Un Piojo peut en cacher un autreMiguel El Piojo Herrera a vite fait oublier l'instabilité des années précédentes. Lors de ses deux premiers championnats sur le banc americanista, il emmène son équipe jusqu'en demi-finales. La troisième fois sera la bonne, avec un sacre à l'issue de la Tournoi de Clôture 2013. L'entraîneur est alors nommé à la tête de l'équipe du Mexique, mais la graine est plantée et l'América remporte un autre titre national, doublé d'une finale perdue contre León. Qu'importe, les Águilas sont redevenus le club le plus titré du Mexique.

"L'América est de nouveau l'un des grands du Mexique et après notre victoire en Ligue des champions, nous allons essayer de reproduire ce succès sur la scène internationale. Nous irons en Japon avec nos meilleures armes", commente le capitaine Sambueza. De fait, après leur sacre dans la Ligue des champions de la CONCACAF 2014/15, les Águilas vont représenter l'Amérique du Nord, centrale et Caraïbes à la Coupe du Monde des Clubs de la FIFA, Japon 2015. "Je suis très heureux de pouvoir jouer pour la première fois un tournoi aussi prestigieux.
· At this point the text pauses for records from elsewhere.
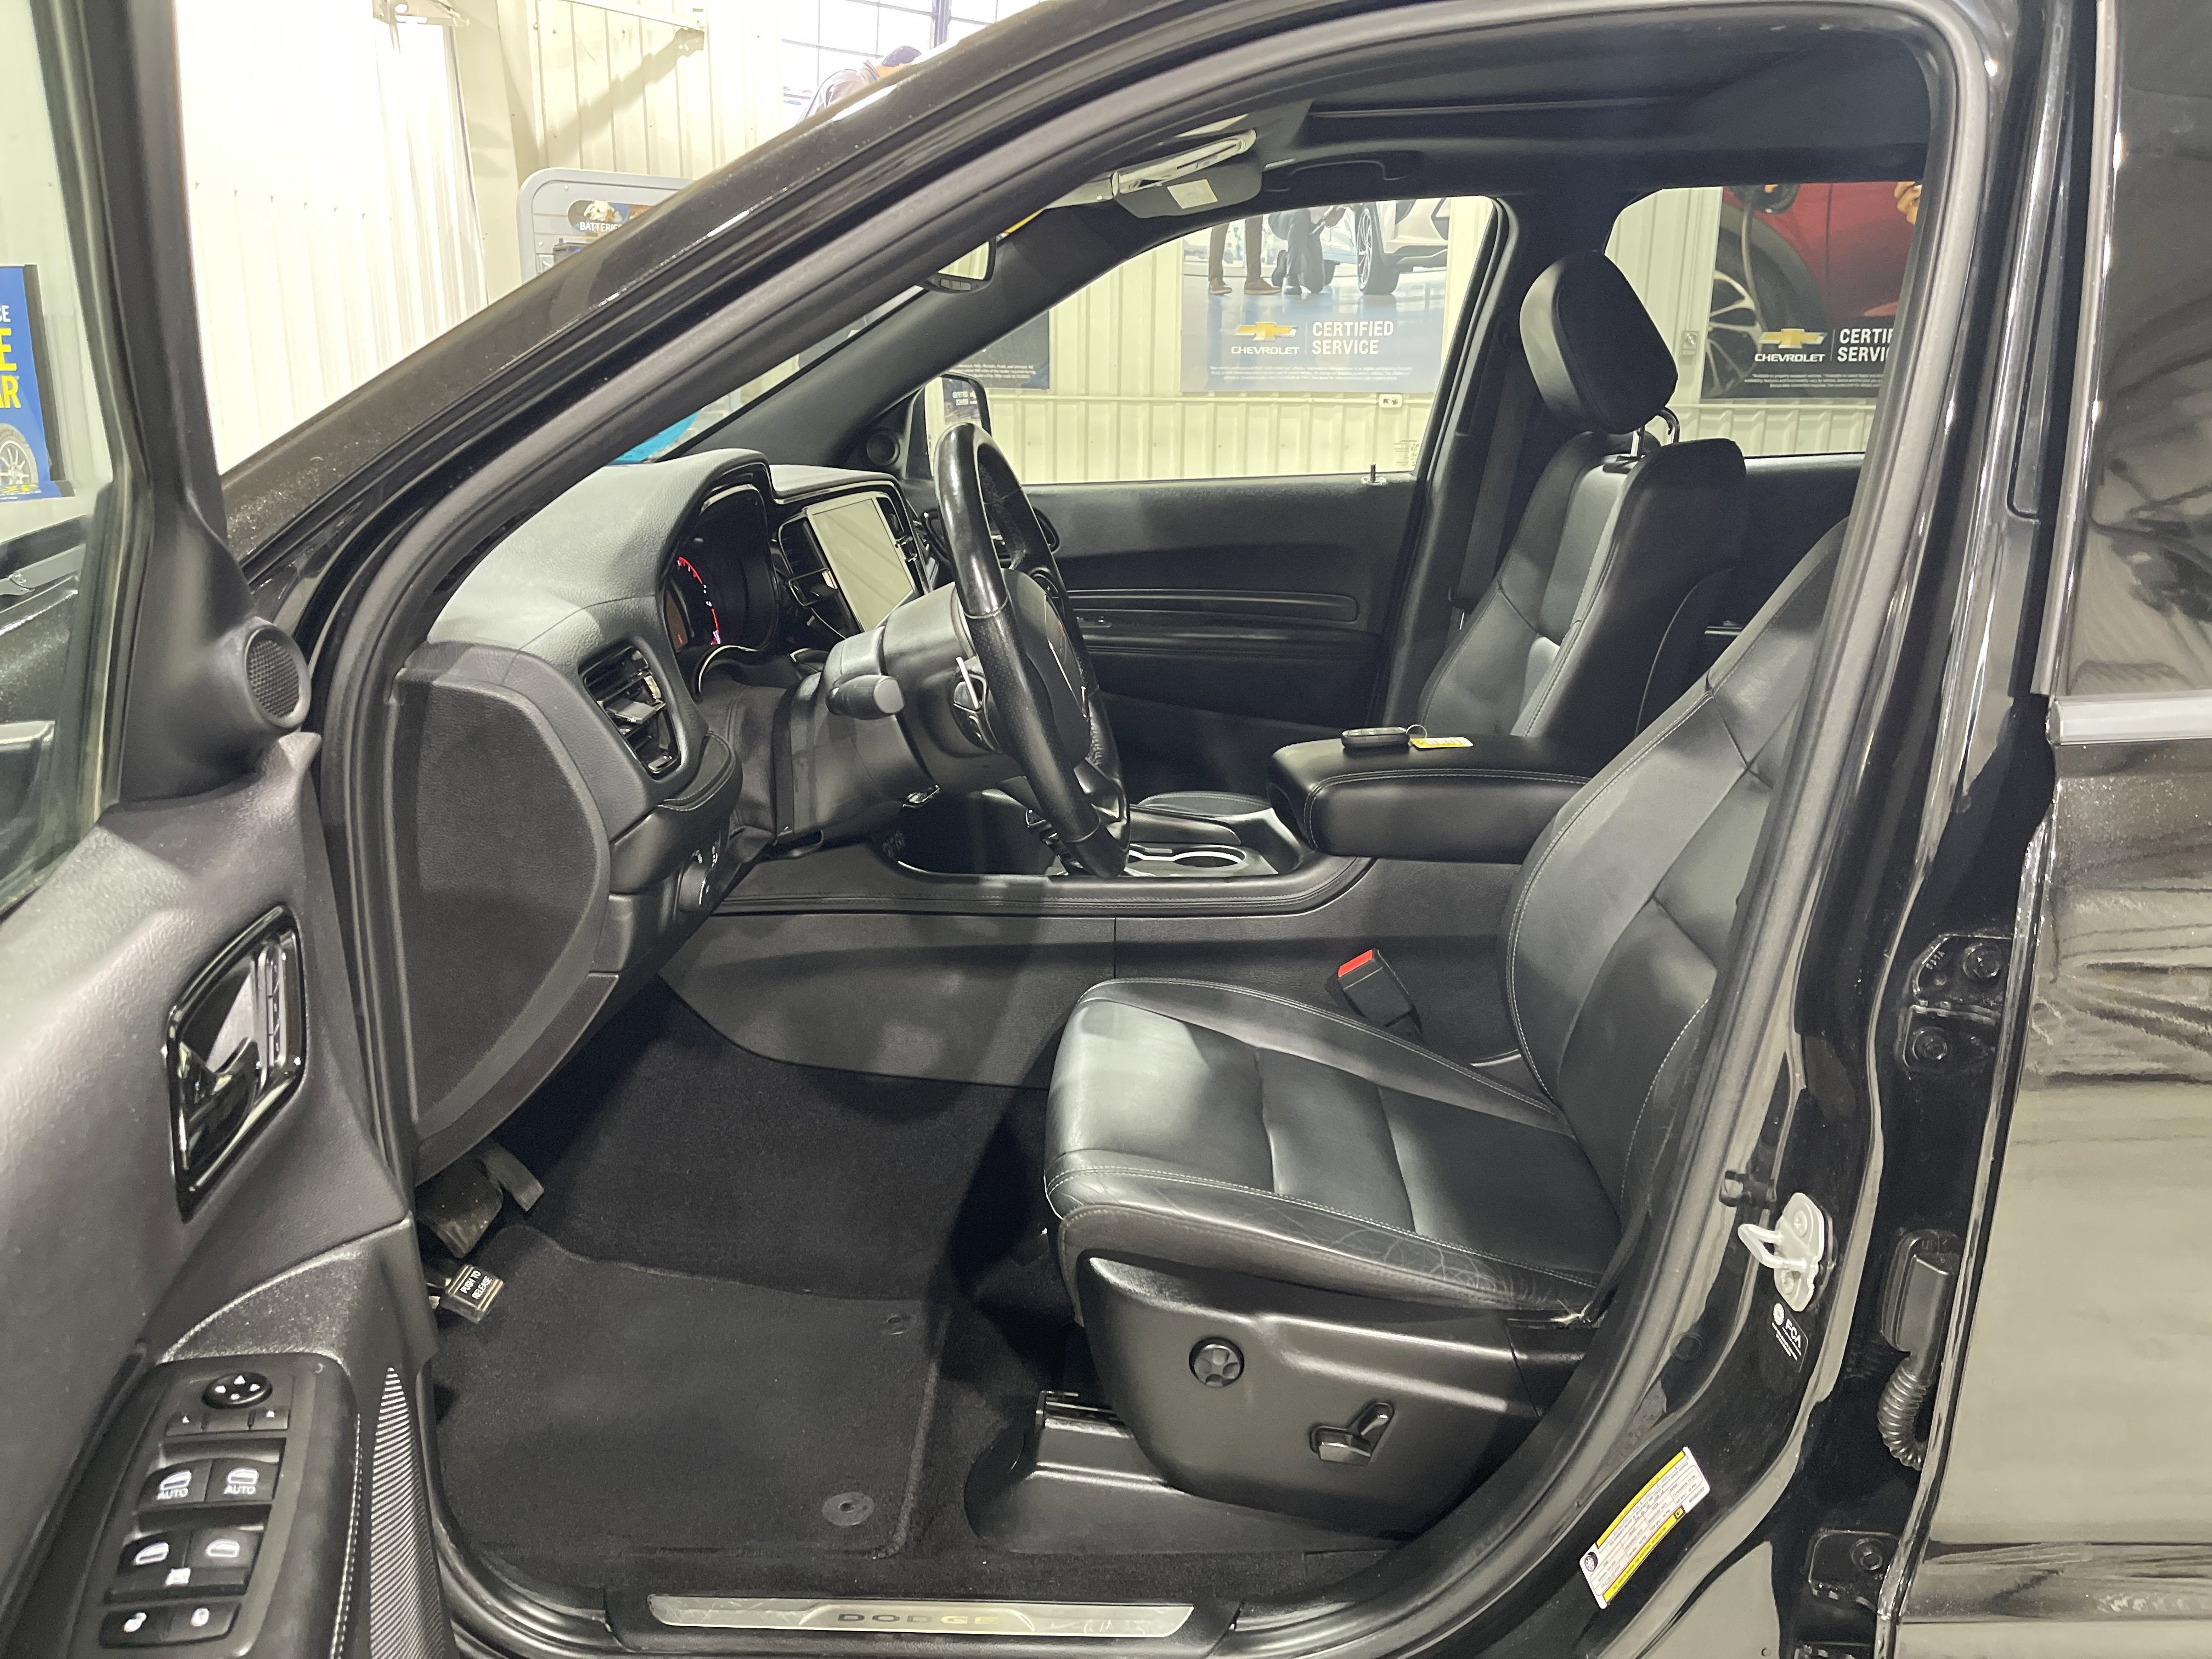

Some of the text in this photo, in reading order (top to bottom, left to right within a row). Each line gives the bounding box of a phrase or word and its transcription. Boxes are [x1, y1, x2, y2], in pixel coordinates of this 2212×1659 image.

[0, 305, 11, 322] E
[1312, 321, 1393, 336] CERTIFIED
[1231, 346, 1300, 354] CHEVROLET
[1312, 340, 1379, 354] SERVICE
[1754, 353, 1826, 362] CHEVROLET
[0, 375, 21, 409] R
[460, 1270, 481, 1294] PUSH TO
[471, 1276, 493, 1300] RELEASE
[156, 1487, 189, 1501] AUTO
[224, 1485, 256, 1495] AUTO
[838, 1613, 1000, 1624] DODGE
L'équipe va bien et nous avons tous très envie de réaliser un grand tournoi", annonce l'habile gaucher de 1 mètre 74.

Certes, le Mondial des clubs n'a jamais vraiment réussi aux équipes mexicaines, aucune n'ayant à ce jour réussi à franchir le seuil des demi-finales. C'est pourquoi l'objectif déclaré de l'América est de devenir la première équipe aztèque à atteindre la finale de l'épreuve suprême des clubs à l'échelle mondiale. "Assez souvent, le représentant mexicain ne parvient pas à atteindre la finale parce qu'il n'a pas réussi à se qualifier pour les play-offs de son championnat national et par conséquent, il manque de compétition au moment d'aborder le Mondial des clubs", poursuit le natif de Zapala, en Patagonie.

"Il faudra être au point sur le plan psychologique et aborder chaque match avec une mentalité positive, en restant persuadés que nous pouvons atteindre nos objectifs. La finale est notre rêve et dans mes causeries de capitaine, j'insiste toujours sur trois choses : sacrifice, humilité et bonne attitude", insiste l'homme au brassard.

Deux obstacles, une montagne
Pour atteindre la finale, l'América devra toutefois battre deux adversaires, dont l'un à tous les aspects d'un mur infranchissable. Il s'agit ni plus ni moins du Barcelone de Messi, Suárez et Neymar. "Qui n'aurait pas envie de se mesurer au Barça ? Mais avant ça, il y aura le match contre Guangzhou Evergrande, un adversaire très compliqué lui aussi. Si nous voulons avancer et jouer contre Barcelone, il faudra d'abord bien faire les choses contre Evergrande", affirme le milieu de terrain, les pieds bien sur terre.

Si tout se passait comme voulu, l'América pourrait rencontrer en finale River Plate, une vieille connaissance pour Sambueza. "Ce serait à la fois à beau et émouvant, et j'aurais des sentiments contrastés car River est le club qui m'a fait naître au football. Mais aujourd'hui, je suis à l'América et je défendrai ses couleurs à la vie à la mort", avoue l'ancien pensionnaire du centre de formation de River.

Malgré la concurrence coriace dont il essaiera de se défaire au Japon, le Club América est bien déterminé à démontrer toute la qualité du football mexicain en joignant les résultats aux paroles : "Notre rêve de jouer la finale et de la gagner. Je sens que cette équipe est affamée de gloire et veut entrer dans l'histoire. C'est une opportunité unique", conclut-il.